С Удетом не соскучишься, но Цукмайер никогда не говорит с ним о войне – вместо этого они при встрече выпивают. Вот и сейчас они переходят с шампанского на коньяк. Удет с удивлением замечает, что многие гости бала – в медалях и нашивках: «Только посмотри на этих болванов». В предыдущие годы Бал прессы имел более гражданский вид, а теперь, очевидно, военное прошлое снова в почете. Даже Удет надел самый важный из своих орденов: Pour le Mérite – «За заслуги». Но поскольку он не любит делать то, что делают все, то прячет его в кармане. «Знаешь что, – предлагает он Цукмайеру, – давай спустим брюки и свесим голые задницы с балюстрады ложи».
Алиса и Эми тут же настораживаются. Они не сомневаются, что мужчины способны на многое, особенно когда они пьяны и подбивают друг друга на дело. И в самом деле, приятели без промедления снимают подтяжки. Но Алиса отлично знает свою роль в таких ситуациях: она умоляет обоих не устраивать скандал, и мужчины, не успев потерять лица, перестают раздеваться.

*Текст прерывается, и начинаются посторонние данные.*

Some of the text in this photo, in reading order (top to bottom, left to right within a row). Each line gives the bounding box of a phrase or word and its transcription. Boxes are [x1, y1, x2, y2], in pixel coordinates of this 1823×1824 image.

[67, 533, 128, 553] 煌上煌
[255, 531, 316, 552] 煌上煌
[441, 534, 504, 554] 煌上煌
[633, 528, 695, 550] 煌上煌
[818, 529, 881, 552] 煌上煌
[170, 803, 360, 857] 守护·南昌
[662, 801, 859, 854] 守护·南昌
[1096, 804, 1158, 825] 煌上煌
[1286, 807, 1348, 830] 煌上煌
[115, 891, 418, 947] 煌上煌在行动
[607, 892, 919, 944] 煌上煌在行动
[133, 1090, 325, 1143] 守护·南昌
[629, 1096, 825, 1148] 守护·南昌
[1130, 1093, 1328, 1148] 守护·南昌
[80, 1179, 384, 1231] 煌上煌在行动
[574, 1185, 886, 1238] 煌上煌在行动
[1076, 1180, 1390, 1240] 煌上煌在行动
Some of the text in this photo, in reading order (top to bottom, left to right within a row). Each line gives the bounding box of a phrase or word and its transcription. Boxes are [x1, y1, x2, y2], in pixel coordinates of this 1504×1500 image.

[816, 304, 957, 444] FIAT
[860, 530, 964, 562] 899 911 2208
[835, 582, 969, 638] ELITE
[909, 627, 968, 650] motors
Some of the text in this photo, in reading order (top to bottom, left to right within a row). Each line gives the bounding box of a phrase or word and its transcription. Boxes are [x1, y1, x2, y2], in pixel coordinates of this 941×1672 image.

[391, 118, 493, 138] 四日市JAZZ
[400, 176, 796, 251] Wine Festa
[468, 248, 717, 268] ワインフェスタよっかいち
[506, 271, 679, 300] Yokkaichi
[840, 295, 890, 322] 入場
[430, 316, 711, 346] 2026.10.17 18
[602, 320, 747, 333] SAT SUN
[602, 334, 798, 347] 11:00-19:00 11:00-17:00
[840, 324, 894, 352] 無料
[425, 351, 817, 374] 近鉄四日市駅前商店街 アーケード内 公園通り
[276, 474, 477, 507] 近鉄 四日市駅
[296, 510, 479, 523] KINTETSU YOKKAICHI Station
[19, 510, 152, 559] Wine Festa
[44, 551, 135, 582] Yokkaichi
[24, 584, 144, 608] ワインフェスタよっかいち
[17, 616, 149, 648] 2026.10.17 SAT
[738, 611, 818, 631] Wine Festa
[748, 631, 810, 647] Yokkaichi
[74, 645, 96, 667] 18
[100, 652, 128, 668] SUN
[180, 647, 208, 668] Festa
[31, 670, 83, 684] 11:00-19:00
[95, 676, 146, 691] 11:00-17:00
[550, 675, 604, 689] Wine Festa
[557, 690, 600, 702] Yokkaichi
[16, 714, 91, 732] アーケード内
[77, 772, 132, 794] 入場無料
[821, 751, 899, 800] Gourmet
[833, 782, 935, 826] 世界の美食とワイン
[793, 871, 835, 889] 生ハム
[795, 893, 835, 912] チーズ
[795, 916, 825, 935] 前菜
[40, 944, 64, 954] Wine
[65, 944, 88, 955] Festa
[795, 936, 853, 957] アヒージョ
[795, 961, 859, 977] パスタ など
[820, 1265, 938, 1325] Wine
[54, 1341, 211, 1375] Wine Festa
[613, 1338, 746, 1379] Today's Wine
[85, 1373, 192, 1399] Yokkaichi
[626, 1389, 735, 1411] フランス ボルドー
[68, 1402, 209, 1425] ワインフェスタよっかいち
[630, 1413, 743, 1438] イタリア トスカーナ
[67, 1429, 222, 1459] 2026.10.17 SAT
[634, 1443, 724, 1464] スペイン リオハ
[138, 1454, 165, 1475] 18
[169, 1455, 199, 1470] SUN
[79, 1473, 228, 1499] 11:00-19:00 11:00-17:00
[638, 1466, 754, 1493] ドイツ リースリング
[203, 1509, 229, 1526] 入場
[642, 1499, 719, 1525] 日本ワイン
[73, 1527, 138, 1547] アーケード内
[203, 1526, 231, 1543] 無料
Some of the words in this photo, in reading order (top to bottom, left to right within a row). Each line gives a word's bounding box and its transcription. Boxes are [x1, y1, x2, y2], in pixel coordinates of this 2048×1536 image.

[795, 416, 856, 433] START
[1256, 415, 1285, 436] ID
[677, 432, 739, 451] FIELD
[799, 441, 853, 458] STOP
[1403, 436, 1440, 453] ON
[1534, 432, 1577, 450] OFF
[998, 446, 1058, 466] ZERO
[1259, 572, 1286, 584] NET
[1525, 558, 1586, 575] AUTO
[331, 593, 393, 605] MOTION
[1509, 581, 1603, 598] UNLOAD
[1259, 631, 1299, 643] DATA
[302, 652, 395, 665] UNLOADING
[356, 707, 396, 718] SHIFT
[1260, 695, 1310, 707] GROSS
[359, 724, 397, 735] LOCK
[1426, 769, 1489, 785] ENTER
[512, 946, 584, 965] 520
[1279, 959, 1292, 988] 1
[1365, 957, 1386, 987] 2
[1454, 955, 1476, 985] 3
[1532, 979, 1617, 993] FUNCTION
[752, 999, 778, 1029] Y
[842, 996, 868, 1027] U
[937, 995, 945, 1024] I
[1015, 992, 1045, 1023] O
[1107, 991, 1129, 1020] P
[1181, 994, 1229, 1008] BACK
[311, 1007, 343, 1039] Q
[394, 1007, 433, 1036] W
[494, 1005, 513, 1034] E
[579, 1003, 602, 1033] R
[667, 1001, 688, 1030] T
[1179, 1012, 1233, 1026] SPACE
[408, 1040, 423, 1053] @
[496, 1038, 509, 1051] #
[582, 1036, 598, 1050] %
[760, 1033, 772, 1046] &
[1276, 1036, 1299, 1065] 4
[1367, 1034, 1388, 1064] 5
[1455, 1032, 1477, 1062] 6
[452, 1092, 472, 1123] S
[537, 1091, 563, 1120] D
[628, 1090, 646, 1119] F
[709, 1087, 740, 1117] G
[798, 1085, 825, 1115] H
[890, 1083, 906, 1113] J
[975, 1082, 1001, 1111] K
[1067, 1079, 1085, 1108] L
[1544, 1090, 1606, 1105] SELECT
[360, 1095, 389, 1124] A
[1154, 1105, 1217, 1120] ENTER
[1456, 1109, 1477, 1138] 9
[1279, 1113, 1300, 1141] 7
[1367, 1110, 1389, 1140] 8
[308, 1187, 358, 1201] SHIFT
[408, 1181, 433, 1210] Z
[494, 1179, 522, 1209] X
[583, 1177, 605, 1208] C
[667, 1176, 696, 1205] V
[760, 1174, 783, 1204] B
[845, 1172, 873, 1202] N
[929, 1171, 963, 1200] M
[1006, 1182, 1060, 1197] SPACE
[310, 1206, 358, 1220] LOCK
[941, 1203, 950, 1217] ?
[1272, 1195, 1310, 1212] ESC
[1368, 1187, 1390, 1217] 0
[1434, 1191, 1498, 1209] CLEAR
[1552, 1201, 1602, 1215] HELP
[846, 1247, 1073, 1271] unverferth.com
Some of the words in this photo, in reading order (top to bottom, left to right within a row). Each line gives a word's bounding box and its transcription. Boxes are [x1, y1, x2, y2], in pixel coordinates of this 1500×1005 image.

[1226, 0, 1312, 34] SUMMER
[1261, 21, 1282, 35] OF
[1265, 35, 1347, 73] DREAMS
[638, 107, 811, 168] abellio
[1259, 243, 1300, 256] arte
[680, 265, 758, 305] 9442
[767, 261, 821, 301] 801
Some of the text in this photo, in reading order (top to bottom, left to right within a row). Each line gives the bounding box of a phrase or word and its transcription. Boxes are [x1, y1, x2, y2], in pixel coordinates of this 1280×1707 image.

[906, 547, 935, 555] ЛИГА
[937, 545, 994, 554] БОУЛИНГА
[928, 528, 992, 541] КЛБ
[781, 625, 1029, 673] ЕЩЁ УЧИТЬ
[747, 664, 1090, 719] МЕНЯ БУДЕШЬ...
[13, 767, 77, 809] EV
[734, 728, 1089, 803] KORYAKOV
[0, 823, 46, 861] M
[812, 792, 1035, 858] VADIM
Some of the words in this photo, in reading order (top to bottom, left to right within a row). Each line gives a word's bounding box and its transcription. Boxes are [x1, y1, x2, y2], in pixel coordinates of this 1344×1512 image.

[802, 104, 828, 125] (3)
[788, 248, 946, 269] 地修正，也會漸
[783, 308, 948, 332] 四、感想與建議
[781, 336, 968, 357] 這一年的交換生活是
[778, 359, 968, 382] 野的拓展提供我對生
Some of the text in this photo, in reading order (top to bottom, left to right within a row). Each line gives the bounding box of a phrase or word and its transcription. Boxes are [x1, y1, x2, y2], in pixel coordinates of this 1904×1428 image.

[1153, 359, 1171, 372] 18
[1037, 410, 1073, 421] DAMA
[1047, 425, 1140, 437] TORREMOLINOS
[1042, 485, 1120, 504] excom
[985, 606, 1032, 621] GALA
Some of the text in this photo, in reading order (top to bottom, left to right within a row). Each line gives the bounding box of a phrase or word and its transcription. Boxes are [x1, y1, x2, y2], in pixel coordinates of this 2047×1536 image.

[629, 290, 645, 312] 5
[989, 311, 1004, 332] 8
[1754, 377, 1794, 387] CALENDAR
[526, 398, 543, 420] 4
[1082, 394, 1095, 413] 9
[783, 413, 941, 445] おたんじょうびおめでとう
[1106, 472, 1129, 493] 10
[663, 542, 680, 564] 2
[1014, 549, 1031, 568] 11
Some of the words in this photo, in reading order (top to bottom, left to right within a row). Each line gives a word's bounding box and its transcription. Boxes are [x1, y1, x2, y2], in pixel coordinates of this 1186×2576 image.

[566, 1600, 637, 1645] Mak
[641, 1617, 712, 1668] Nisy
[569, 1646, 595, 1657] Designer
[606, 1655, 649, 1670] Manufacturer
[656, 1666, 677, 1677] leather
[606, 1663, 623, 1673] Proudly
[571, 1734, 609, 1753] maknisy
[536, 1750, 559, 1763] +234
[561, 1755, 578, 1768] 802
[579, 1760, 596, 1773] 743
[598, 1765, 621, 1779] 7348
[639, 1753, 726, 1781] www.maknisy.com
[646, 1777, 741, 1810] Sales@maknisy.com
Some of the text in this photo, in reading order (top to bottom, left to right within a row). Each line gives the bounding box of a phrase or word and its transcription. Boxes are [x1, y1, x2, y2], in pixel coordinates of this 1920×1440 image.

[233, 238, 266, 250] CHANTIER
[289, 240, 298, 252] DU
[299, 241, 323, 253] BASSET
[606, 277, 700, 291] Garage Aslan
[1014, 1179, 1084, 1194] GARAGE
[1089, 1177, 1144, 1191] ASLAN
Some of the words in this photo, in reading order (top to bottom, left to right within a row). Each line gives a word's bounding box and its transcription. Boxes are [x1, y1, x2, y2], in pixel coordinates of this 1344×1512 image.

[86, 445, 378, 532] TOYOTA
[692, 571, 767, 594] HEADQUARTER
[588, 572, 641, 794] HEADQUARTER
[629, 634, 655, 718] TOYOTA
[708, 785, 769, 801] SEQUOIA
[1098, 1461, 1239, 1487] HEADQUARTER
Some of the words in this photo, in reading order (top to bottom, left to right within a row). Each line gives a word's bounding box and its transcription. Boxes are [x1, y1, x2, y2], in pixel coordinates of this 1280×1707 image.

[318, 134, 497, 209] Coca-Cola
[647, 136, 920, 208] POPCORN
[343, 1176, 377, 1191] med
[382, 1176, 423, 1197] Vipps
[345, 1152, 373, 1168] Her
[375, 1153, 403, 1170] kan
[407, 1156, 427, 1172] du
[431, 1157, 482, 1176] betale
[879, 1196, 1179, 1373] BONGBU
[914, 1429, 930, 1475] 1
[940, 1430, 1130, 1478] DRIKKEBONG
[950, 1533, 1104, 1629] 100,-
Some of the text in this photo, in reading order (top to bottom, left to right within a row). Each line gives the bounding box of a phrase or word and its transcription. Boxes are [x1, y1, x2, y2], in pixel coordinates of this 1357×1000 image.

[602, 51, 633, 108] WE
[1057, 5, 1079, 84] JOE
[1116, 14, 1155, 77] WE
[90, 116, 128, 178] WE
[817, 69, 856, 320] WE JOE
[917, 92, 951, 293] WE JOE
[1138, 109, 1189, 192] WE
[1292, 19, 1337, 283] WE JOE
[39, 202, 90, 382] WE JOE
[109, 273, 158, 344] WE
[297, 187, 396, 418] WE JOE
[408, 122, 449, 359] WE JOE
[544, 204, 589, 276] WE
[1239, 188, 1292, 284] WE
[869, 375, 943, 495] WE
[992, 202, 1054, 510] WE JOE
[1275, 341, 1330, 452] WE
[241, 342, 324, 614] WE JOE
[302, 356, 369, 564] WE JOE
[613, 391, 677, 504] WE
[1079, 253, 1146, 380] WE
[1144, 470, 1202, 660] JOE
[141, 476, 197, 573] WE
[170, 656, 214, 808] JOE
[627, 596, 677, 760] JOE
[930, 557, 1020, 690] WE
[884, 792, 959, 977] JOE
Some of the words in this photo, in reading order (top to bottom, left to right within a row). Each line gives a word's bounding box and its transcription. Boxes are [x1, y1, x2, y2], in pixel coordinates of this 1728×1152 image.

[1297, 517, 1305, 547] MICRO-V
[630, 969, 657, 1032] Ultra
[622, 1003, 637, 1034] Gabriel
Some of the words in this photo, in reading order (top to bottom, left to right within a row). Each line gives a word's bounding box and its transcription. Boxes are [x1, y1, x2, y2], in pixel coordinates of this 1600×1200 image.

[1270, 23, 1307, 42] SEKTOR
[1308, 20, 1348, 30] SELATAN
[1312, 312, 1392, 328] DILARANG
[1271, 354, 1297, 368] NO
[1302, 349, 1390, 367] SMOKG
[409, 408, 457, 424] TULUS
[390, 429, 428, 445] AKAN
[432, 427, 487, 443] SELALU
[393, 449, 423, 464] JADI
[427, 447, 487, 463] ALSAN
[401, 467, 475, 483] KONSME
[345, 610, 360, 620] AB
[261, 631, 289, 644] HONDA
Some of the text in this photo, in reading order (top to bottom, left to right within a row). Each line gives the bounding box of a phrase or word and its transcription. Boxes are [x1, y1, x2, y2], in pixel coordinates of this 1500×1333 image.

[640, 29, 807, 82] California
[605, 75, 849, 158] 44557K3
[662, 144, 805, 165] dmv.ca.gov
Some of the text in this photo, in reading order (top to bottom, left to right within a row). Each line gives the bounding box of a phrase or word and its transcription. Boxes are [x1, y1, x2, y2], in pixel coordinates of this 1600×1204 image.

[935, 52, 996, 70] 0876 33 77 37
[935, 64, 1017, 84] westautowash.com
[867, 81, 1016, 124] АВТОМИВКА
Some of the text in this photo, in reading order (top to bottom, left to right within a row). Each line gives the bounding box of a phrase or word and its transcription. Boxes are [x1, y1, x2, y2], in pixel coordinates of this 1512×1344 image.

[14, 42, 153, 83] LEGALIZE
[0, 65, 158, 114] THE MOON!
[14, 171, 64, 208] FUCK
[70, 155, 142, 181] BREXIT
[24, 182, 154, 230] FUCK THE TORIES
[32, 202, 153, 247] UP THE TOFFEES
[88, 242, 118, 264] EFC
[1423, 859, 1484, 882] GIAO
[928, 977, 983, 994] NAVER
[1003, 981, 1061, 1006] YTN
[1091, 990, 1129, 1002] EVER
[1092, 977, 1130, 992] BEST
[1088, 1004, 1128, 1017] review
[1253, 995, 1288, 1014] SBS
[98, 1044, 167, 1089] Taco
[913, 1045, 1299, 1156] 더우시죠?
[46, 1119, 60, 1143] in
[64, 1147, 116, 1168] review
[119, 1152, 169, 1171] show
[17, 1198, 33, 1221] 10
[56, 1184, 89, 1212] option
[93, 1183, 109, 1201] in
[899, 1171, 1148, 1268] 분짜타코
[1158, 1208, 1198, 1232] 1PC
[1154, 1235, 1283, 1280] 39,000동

Уже за полночь начинают бродить догадки, будто рейхсканцлером будет назначен Гитлер. Арифметика здесь простая: если Гинденбург наконец захочет вернуть правительство хоть на сколько-то стабильную парламентскую основу, но при этом ни при каких обстоятельствах не задействовать в этом СДПГ, то, по сути, единственным партнером для него и Папена остается НСДАП. Гитлер, однако, как он ясно дал понять, не собирается довольствоваться министерским постом, будучи лидером крупнейшей фракции рейхстага. Либо он претендует на пост канцлера, либо остается в оппозиции. Все или ничего.
От этих мыслей на балу не становится веселее: гости хоть и танцуют, и пьют, как прежде, но в воздухе витает неприятное чувство, будто грядет нечто непредвиденное, что коснется их всех. Царит странное наигранное веселье. Между тем уже давно воскресенье, и Удет приглашает Цукмайера и двух его спутниц к себе домой на продолжение. Его броский, словно с рекламного щита, «Додж» припаркован перед залами Зоопарка. На морозе Удет кажется трезвым, но все понимают, что это не так. Цукмайер с женой предпочитают взять такси. Только Эми и матери Цукмайера хватает смелости сесть в машину, а потом они будут наперебой рассказывать, что на самом деле не ехали, а летели по улицам.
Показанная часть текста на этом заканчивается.